Nevertheless, due to price declines and industry competition, many segments of the photovoltaic supply chain have been losing money for over a year, with widespread losses in 2025. Over the past six months, key players in specific segments, such as Tongwei Co, JA Solar, and Longi Green Energy have reported net losses of 4.955 billion yuan, 2.58 billion yuan, and 2.57 billion yuan, respectively. In contrast, 01799 incurred a net loss of less than 300 million yuan during the same period.

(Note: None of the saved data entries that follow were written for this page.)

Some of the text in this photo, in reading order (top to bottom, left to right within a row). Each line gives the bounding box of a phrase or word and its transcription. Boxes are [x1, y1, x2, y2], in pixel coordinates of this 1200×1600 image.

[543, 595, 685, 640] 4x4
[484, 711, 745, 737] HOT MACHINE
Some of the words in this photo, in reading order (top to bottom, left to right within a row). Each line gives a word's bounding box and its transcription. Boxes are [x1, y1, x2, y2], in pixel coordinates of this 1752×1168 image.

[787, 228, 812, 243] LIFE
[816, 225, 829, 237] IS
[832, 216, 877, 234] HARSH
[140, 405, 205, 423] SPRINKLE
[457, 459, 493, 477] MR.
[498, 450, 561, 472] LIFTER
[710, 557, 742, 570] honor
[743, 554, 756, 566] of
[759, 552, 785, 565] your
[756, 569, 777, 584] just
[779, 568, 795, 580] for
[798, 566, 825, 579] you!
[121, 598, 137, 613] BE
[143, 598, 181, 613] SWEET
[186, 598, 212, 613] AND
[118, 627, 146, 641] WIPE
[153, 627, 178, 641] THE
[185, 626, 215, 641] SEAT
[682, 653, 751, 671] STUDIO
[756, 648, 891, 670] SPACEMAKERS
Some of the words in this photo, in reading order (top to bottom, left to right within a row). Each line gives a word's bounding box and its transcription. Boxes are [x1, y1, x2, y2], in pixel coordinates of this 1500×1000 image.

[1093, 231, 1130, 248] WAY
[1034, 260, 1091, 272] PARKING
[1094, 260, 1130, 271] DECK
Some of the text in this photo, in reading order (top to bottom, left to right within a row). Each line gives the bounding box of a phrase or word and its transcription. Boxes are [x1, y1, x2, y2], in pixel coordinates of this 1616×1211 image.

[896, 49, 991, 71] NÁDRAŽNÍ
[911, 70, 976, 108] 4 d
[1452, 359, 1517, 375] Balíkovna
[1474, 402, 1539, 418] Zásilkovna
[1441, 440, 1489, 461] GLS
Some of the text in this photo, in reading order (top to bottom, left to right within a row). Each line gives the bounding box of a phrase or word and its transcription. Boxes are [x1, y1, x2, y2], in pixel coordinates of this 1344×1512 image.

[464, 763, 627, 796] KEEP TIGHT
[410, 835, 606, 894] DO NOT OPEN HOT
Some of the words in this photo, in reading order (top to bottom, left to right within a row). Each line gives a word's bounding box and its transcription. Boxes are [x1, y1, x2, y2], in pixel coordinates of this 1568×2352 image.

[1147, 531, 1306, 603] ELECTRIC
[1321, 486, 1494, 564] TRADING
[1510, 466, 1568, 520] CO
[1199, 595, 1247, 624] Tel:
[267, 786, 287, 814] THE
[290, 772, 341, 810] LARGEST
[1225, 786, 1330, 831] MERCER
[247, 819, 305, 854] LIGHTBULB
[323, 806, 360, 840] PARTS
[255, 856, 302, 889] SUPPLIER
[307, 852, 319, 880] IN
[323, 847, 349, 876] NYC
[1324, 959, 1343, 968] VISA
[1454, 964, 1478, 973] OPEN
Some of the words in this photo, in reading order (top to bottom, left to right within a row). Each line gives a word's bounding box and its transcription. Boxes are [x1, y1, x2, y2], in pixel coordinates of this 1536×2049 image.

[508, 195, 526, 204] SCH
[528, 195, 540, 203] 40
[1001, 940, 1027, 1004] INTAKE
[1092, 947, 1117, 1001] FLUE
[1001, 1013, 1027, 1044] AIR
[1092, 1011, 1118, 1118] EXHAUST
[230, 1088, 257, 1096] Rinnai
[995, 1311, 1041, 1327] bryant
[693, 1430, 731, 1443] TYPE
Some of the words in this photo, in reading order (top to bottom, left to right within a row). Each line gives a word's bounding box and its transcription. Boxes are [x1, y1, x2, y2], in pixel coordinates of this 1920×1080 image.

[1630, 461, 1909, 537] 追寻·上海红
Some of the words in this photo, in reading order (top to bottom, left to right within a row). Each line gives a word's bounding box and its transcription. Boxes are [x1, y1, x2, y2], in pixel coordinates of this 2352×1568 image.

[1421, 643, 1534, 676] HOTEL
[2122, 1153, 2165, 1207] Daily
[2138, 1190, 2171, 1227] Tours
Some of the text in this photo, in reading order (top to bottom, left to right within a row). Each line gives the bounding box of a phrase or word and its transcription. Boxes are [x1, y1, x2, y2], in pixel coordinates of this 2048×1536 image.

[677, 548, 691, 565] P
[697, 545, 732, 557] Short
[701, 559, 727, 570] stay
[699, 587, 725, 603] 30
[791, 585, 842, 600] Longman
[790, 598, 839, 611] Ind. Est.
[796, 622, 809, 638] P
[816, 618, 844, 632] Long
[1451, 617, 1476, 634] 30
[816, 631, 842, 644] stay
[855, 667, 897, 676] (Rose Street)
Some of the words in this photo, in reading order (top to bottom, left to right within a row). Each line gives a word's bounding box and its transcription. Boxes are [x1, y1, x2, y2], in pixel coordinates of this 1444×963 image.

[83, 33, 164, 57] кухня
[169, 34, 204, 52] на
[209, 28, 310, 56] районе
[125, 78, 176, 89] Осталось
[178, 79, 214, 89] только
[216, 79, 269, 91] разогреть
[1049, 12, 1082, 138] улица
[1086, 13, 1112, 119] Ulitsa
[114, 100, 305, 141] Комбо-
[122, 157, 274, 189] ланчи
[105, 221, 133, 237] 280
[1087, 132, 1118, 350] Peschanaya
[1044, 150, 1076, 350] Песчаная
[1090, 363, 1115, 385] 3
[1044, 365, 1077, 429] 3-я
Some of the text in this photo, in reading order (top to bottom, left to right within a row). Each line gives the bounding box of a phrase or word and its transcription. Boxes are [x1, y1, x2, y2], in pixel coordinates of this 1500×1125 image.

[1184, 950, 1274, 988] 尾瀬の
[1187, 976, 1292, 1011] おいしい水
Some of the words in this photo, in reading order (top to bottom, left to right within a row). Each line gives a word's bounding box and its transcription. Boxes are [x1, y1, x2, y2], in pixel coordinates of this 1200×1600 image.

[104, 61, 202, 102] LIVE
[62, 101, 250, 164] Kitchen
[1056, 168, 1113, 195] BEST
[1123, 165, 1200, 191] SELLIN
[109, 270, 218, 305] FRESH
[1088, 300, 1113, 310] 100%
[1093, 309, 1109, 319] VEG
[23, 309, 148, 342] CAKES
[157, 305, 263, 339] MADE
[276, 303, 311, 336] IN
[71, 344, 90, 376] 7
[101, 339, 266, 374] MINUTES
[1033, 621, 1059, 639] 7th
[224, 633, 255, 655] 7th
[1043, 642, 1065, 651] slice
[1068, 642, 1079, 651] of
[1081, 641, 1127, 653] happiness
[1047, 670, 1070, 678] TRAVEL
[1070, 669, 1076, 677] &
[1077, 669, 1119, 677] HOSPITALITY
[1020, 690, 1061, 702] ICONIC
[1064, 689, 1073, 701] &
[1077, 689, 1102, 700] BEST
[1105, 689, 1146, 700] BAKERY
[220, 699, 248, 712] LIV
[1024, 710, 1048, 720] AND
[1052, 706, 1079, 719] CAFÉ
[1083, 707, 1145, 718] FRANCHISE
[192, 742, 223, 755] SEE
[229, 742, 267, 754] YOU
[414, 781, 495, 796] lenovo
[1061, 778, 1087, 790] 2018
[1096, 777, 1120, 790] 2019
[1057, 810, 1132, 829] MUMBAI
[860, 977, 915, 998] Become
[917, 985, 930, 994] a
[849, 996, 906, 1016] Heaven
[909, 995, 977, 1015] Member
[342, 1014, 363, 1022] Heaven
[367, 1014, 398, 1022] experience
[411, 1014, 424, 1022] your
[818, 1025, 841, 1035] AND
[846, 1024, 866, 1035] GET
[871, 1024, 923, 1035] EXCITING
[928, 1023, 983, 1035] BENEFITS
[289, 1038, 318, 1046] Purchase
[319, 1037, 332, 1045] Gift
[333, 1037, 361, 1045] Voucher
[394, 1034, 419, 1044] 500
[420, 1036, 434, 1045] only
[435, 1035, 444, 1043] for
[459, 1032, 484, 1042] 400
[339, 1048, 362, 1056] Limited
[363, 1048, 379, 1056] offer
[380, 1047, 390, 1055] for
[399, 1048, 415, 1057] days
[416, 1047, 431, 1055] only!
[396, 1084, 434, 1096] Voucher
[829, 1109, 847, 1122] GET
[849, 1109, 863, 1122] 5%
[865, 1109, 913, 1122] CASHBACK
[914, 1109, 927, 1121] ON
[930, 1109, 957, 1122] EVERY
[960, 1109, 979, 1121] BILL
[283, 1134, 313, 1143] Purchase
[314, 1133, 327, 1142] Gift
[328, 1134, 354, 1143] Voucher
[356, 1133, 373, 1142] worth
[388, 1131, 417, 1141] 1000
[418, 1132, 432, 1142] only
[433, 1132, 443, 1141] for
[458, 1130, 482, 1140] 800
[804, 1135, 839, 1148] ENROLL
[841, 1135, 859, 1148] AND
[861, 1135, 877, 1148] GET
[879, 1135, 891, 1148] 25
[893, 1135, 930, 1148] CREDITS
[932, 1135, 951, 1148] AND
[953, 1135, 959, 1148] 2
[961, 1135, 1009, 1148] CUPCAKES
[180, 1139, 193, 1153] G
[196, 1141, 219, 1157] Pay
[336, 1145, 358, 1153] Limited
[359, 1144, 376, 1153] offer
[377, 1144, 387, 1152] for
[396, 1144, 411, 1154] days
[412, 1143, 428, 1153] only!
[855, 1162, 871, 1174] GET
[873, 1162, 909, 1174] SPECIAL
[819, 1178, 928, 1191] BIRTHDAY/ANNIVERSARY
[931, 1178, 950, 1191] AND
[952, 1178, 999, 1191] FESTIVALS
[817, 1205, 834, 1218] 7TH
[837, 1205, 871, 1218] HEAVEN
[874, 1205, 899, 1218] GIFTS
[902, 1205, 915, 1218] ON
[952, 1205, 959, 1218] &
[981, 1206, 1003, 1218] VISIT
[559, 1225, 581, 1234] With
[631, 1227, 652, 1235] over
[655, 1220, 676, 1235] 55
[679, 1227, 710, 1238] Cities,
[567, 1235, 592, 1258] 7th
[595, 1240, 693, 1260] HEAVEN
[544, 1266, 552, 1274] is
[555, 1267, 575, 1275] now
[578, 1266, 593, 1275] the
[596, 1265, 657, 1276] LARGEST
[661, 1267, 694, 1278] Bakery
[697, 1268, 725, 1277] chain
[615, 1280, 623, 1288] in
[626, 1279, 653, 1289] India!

The relatively low loss rate of 01799 can be attributed to its strategic expansion into the downstream demand side, focusing on photovoltaic power station construction and operations that contribute some profitability, offsetting polysilicon business losses. In the first half of 2025, the revenue contributions from polysilicon, wind energy, and photovoltaic power station construction and operation were 13.68%, 67.62%, and 18.9%, respectively, while the gross loss from polysilicon was 1.033 billion yuan, and the gross profits from power station construction and operations totaled 1.423 billion yuan. Additionally, the company has an electrical equipment business, including inverters, accounting for 22.5% of revenue, yielding a gross profit of 236 million yuan.

The company has kept pace with policy trends, increasing investments in photovoltaic power stations amid the industry chain adjustment cycle, maintaining a multi-track approach to developing centralized, distributed, and decentralized projects. This year, it accelerated the construction of a 3GW new energy project in Junzhong, continuously contributing to performance through self-use and expansion initiatives. As of the first half of 2025, the company has completed and confirmed revenue for photovoltaic and wind power construction projects with a total installed capacity of approximately 1.35 GW. Due to the lower proportion of polysilicon business, 01799 is less susceptible to price fluctuations in the supply chain compared to its peers.

For instance, Longi Green Energy has also engaged in power station business, but its revenue contribution is meager, as reflected by only 3.54% from power station operations in the first half of 2025, while photovoltaic products accounted for as much as 93.5%. Similarly, TCL Zhonghuan's power station business made up 0.76% of its revenue, with photovoltaic wafers, components, and other silicon materials exceeding 92%. In summary, the photovoltaic supply chain has faced a three-year oversupply cycle, yet some manufacturers continue to push for capacity expansion, resulting in slow capacity digestion during this period, and leading to persistent price declines and significant losses throughout the supply chain.

In light of industry calls for action, this capacity control initiative is anticipated to be expedited, imposing strict limitations on supply and encouraging the introduction of more efficient photovoltaic technologies, thus promoting high-quality development across the board and fostering ongoing rebounds in the sector. Regarding investment targets, segment leaders like Longi Green Energy and TCL Zhonghuan, as their business contributions are concentrated, are highly sensitive to supply chain prices, which may yield greater valuation premiums in the current market recovery. Conversely, 01799 stands out for its diversified business model, resilience amid performance fluctuations, and robust profitability, making it a top choice for conservative investors.